L’agente, come testimonia il video ripreso con il telefonino da una passante, non ha sollevato la gamba di fronte ai ripetuti «I can’t breathe» (non posso respirare) urlati dall’uomo. E neppure davanti alle grida della gente intorno che cercava di richiamare l’attenzione degli agenti sulla gravità della condizione dell’uomo, visibilmente in terribile sofferenza.

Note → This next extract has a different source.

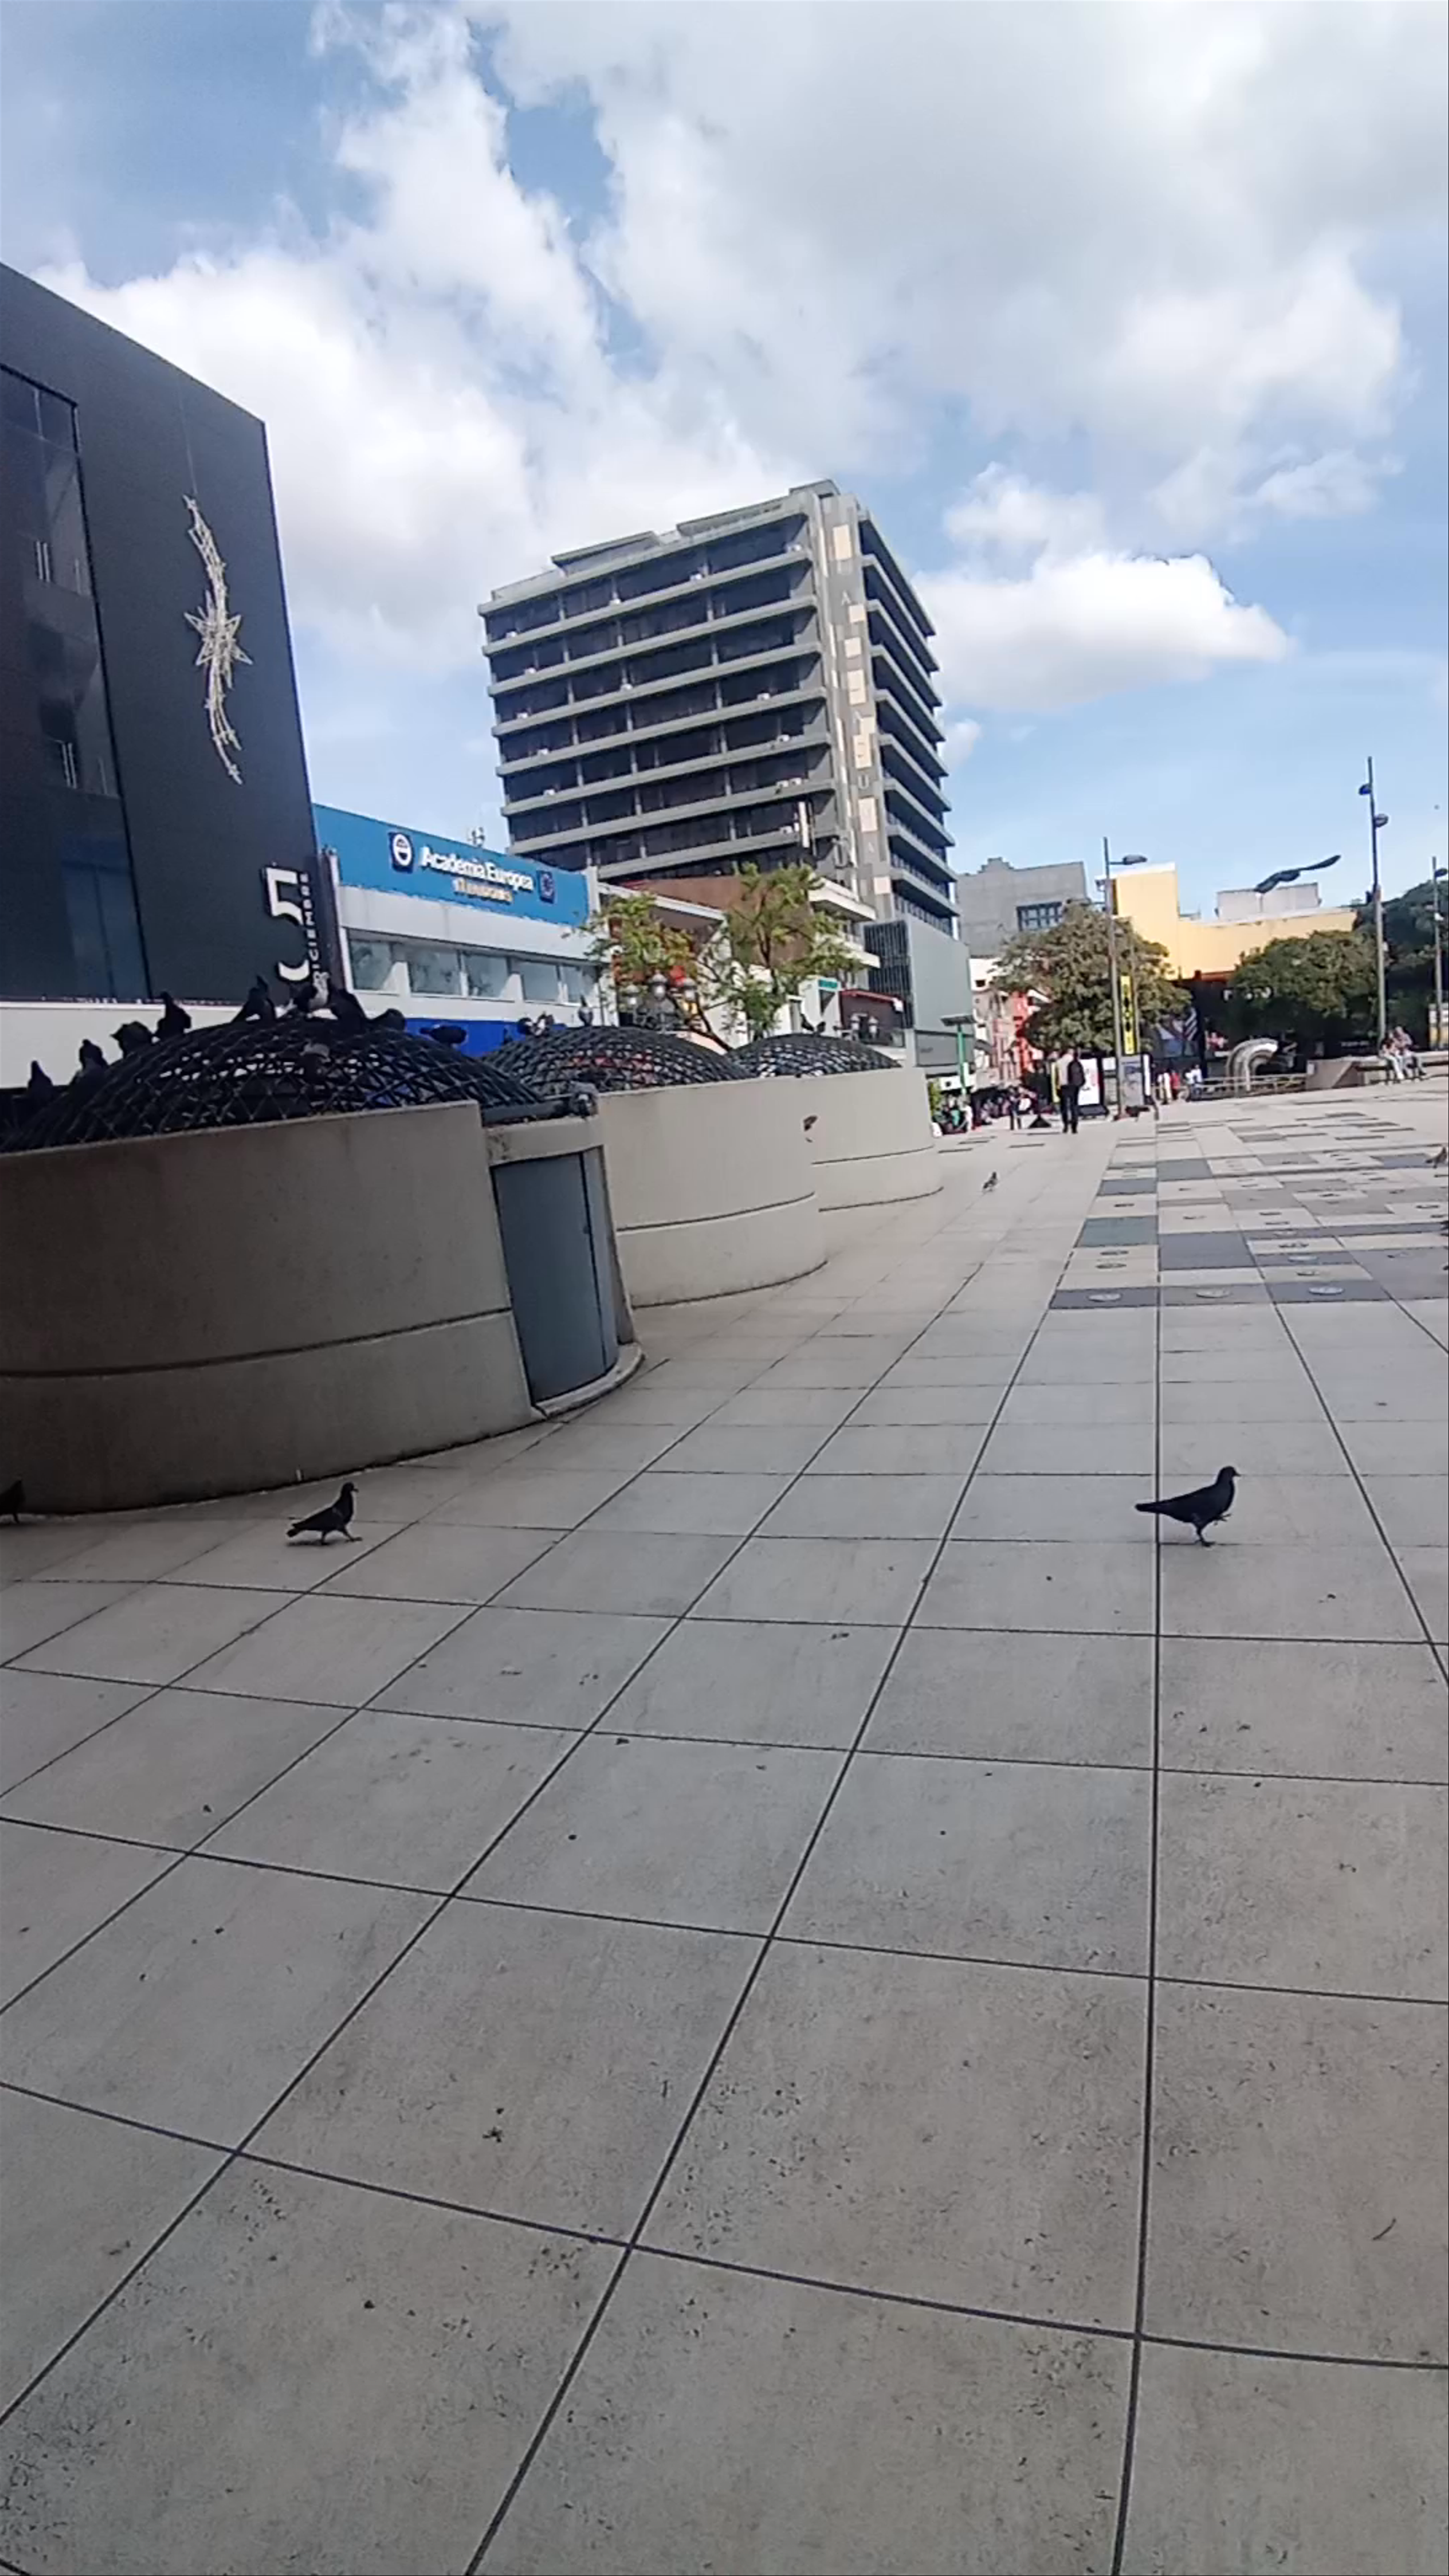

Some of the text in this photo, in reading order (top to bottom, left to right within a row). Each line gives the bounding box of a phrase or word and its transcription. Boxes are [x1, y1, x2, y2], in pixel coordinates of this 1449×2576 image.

[420, 846, 534, 891] Academia Europea
[266, 867, 310, 981] 5

Bachelet (Onu): «Troppi afroamericani morti per mano della polizia»
Ancora una volta nella storia d’America si assiste a un episodio di violenza e abuso della forza da parte della polizia contro un cittadino afroamericano. A ricordare i casi degli ultimi anni è stata anche Michelle Bachelet, Alto commissario Onu per i diritti umani:
«Sono costernata di dover aggiungere il nome di George Floyd a quelli di Breonna Taylor, Eric Garner, Michael Brown e molti altri afroamericani disarmati che sono morti nel corso degli anni per mano della polizia – così come persone quali Ahmaud Arbery e Trayvon Martin che sono stati uccisi da membri armati della cittadinanza».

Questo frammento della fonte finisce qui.